> **Work request**: Only the lines from the line containing "this 960×1280 image." through the final line of the entries should be printed, exactly as given, with the pictures left out.

========================================================================

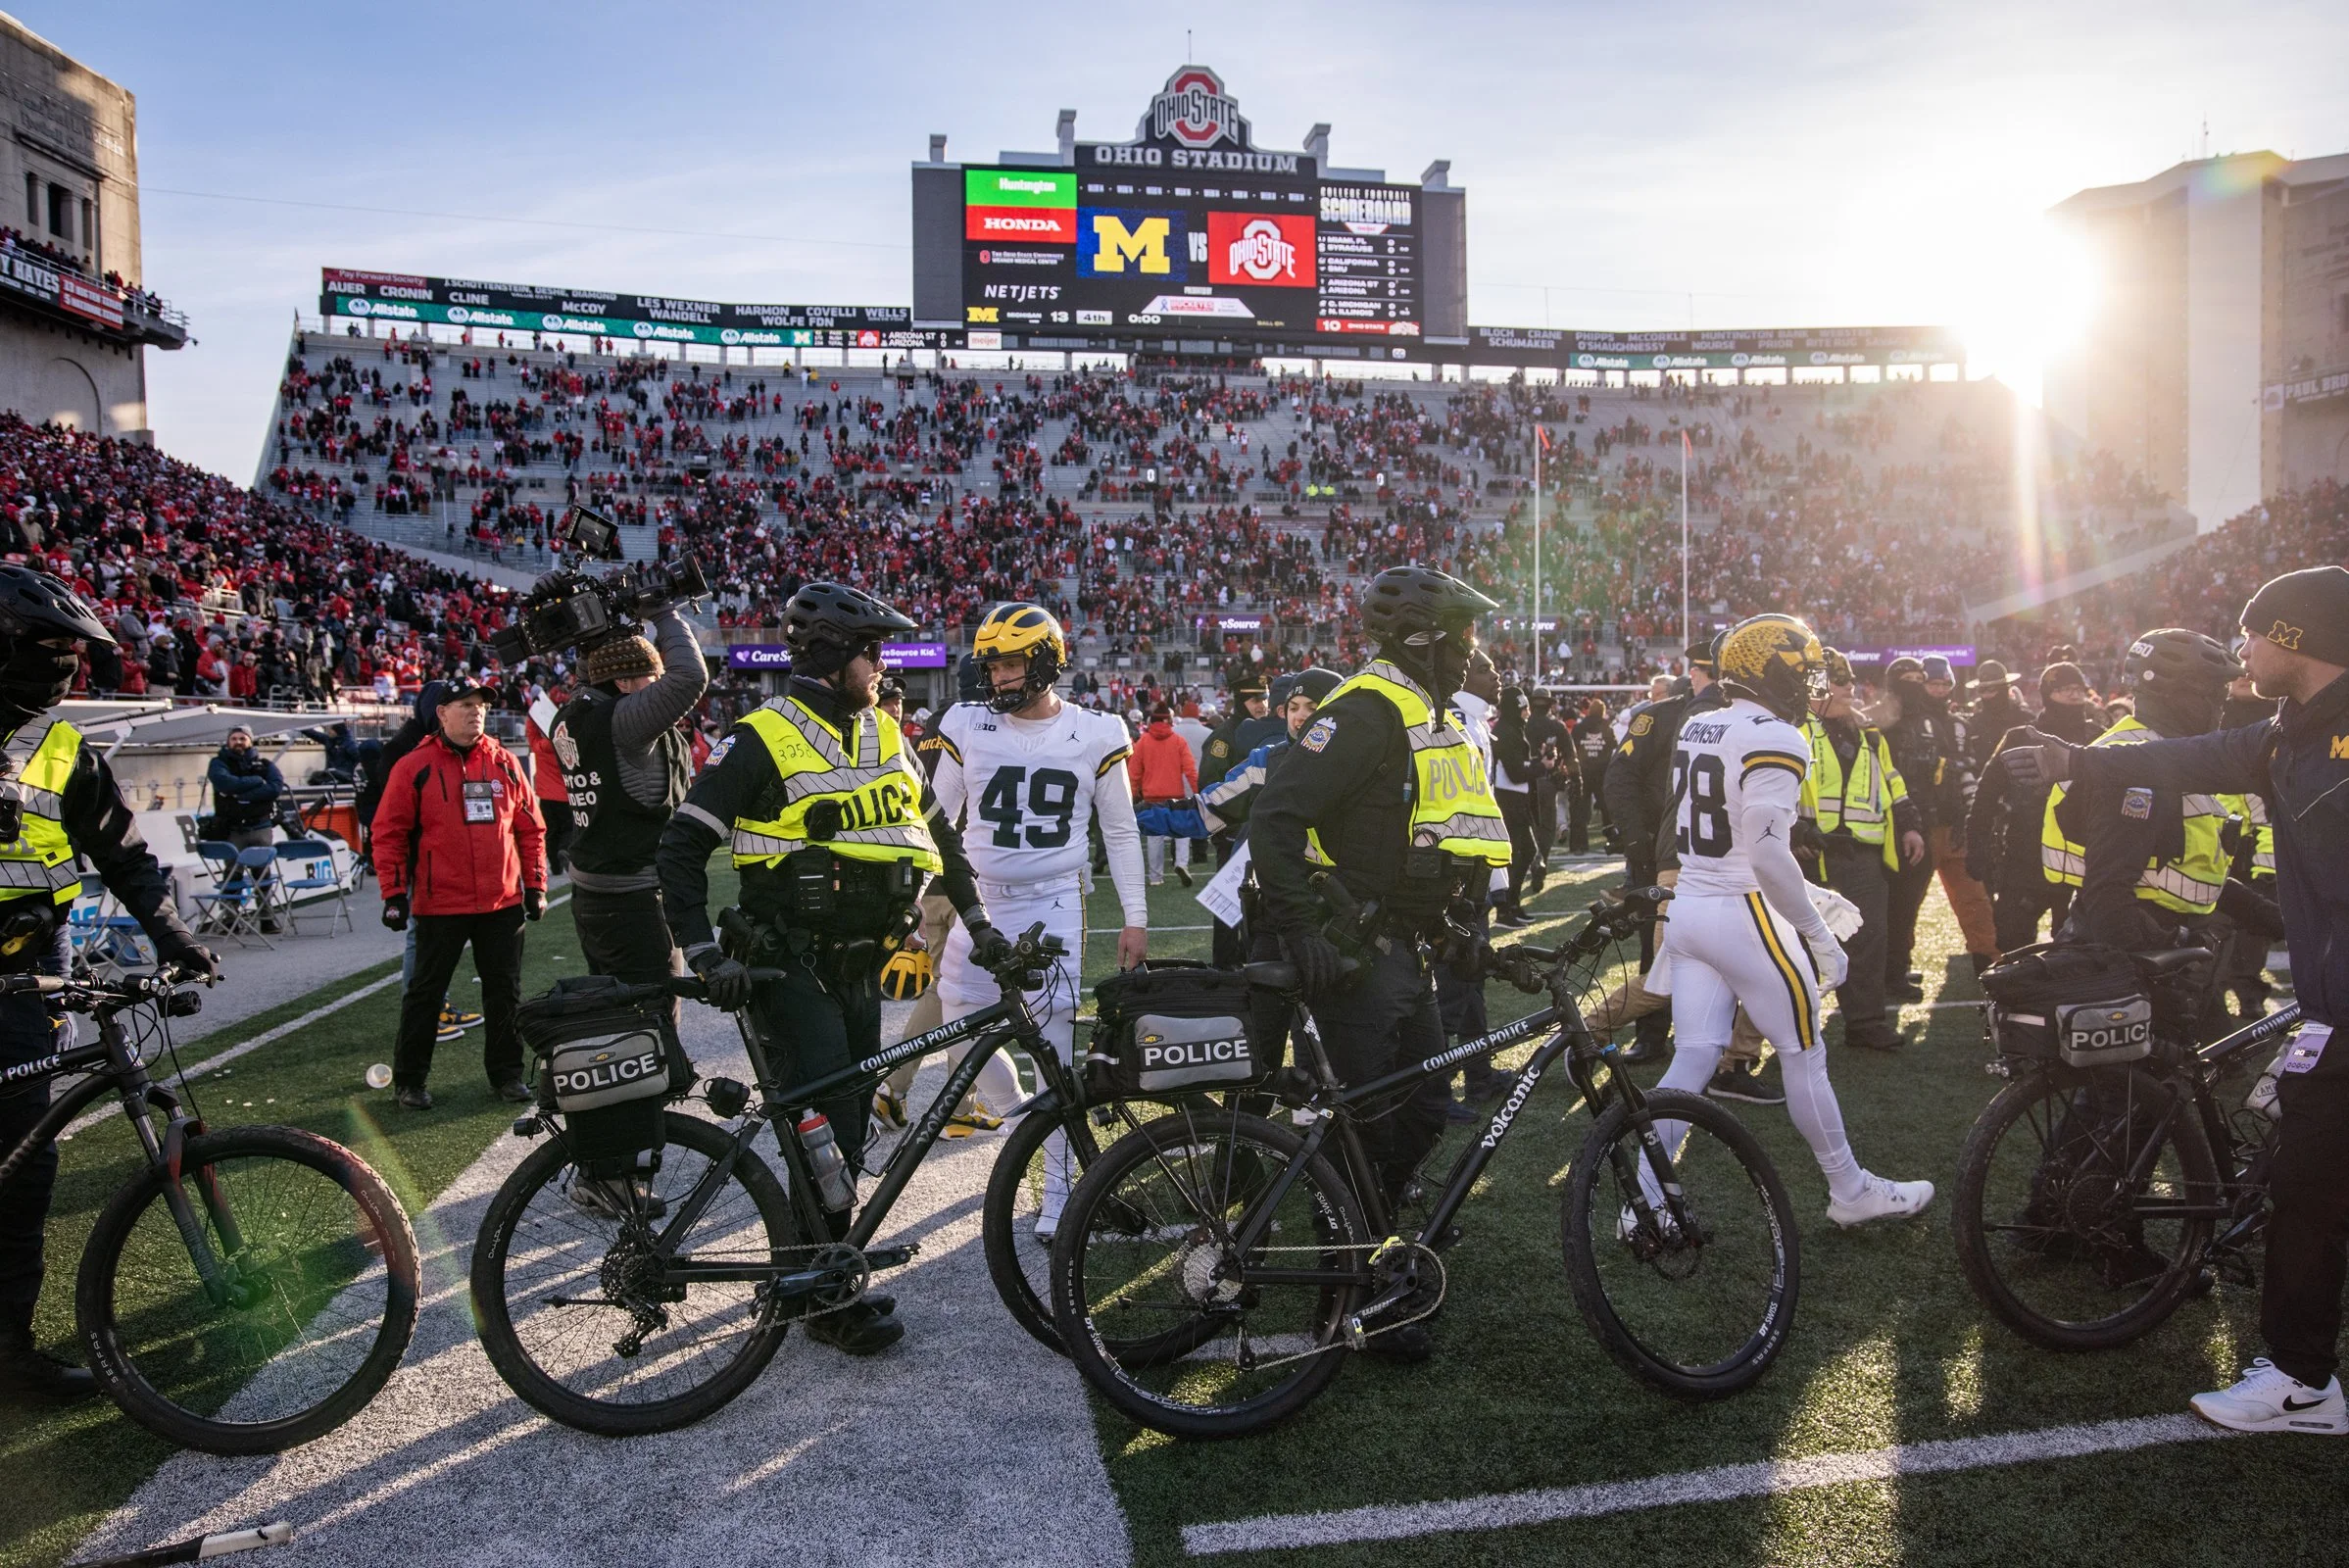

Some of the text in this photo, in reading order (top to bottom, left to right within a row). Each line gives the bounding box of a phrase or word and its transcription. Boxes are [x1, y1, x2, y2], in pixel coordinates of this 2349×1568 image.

[1156, 89, 1237, 141] OHIO STATE
[1095, 146, 1298, 174] OHIO STADIUM
[999, 177, 1056, 194] Huntington
[1320, 186, 1360, 198] COLLEGE
[1365, 189, 1410, 201] FOOTBALL
[1320, 197, 1411, 225] SCOREBOARD
[984, 218, 1061, 231] HONDA
[1094, 215, 1208, 273] M VS
[1229, 233, 1296, 278] OHIO STATE
[1327, 258, 1379, 267] CALIFORNIA
[13, 258, 60, 294] HAYES
[339, 270, 424, 285] Pay Forward Society
[327, 280, 433, 301] AUER CRONIN
[572, 290, 617, 301] DIAMOND
[984, 284, 1060, 303] NETJETS
[369, 302, 417, 318] Allstate
[449, 292, 607, 315] CLINE McCOY
[637, 297, 721, 315] LES WEXNER
[735, 305, 907, 318] HARMON COVELLI WELLS
[468, 312, 514, 324] Allstate
[650, 308, 712, 323] WANDELL
[761, 317, 834, 327] WOLFE FDN
[967, 307, 1000, 322] M
[1051, 311, 1069, 322] 13
[1128, 314, 1161, 323] 0:00
[563, 319, 607, 333] Allstate
[653, 326, 694, 340] Allstate
[1323, 320, 1342, 331] 10
[1480, 327, 1515, 338] BLOCH
[1528, 329, 1563, 340] CRANE
[1575, 331, 1615, 342] PHIPPS
[1628, 331, 1688, 342] McCORKLE
[1701, 331, 1774, 340] HUNTINGTON
[1778, 329, 1809, 339] BANK
[740, 331, 781, 344] Allstate
[971, 336, 998, 347] meijer
[1489, 337, 1555, 350] SCHUMAKER
[1578, 340, 1666, 352] O'SHAUGHNESSY
[1691, 340, 1736, 350] NOURSE
[1758, 340, 1793, 350] PRIOR
[1594, 357, 1630, 368] Allstate
[1670, 356, 1708, 367] Allstate
[1749, 355, 1786, 365] Allstate
[1828, 353, 1865, 364] Allstate
[2285, 379, 2320, 400] PAUL
[2267, 619, 2303, 650] M
[590, 771, 602, 786] &
[1428, 752, 1486, 802] POLIC
[840, 780, 912, 831] OLICE
[980, 764, 1079, 850] 49
[1673, 750, 1733, 858] 28
[860, 1018, 969, 1073] COLUMBUS POLICE
[1145, 1039, 1250, 1066] POLICE
[1423, 1020, 1529, 1073] COLUMBUS POLICE
[2293, 1049, 2320, 1057] 2024
[7, 1054, 62, 1080] POLICE
[553, 1053, 658, 1094] POLICE
[916, 1061, 974, 1145] volcanic
[1481, 1063, 1541, 1150] volcanic
[1314, 1191, 1339, 1230] DT SWISS
[1758, 1322, 1769, 1338] DT
[1765, 1301, 1779, 1325] SWISS
[1084, 1317, 1108, 1357] DT SWISS
[1751, 1329, 1781, 1366] SERFAS
[90, 1332, 120, 1384] SERFAS
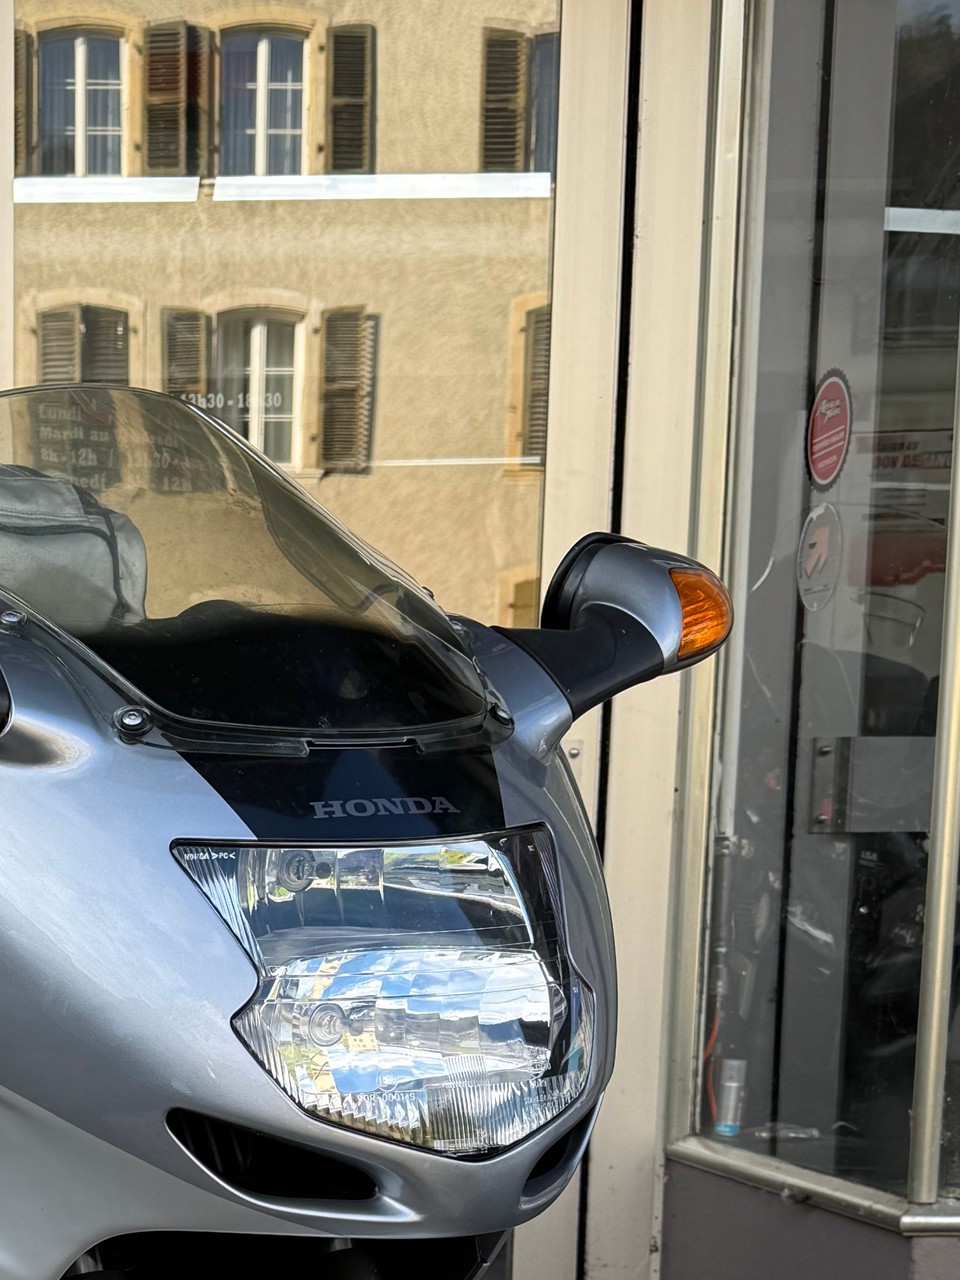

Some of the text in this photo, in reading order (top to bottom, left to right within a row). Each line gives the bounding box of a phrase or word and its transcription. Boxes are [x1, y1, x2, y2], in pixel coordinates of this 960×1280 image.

[38, 403, 82, 422] Lundi
[39, 425, 84, 441] Mardi
[308, 796, 462, 820] HONDA
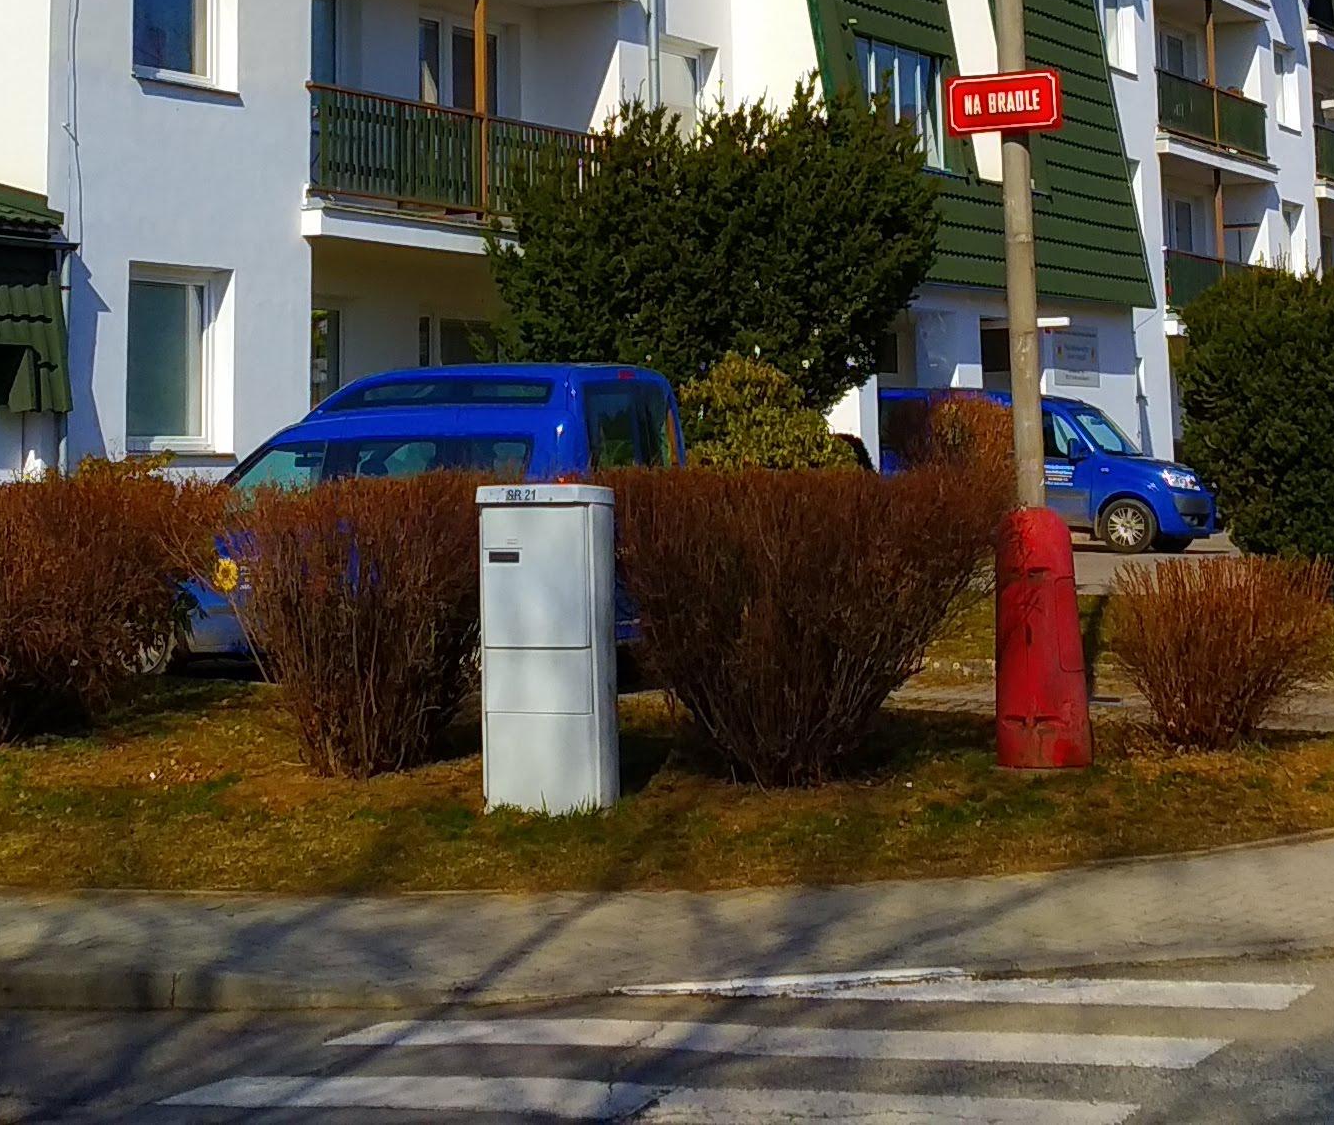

========================================================================

> **Problem solution**:
Some of the text in this photo, in reading order (top to bottom, left to right within a row). Each line gives the bounding box of a phrase or word and its transcription. Boxes are [x1, y1, x2, y2], in pixel coordinates of this 960×1280 image.

[38, 403, 82, 422] Lundi
[39, 425, 84, 441] Mardi
[308, 796, 462, 820] HONDA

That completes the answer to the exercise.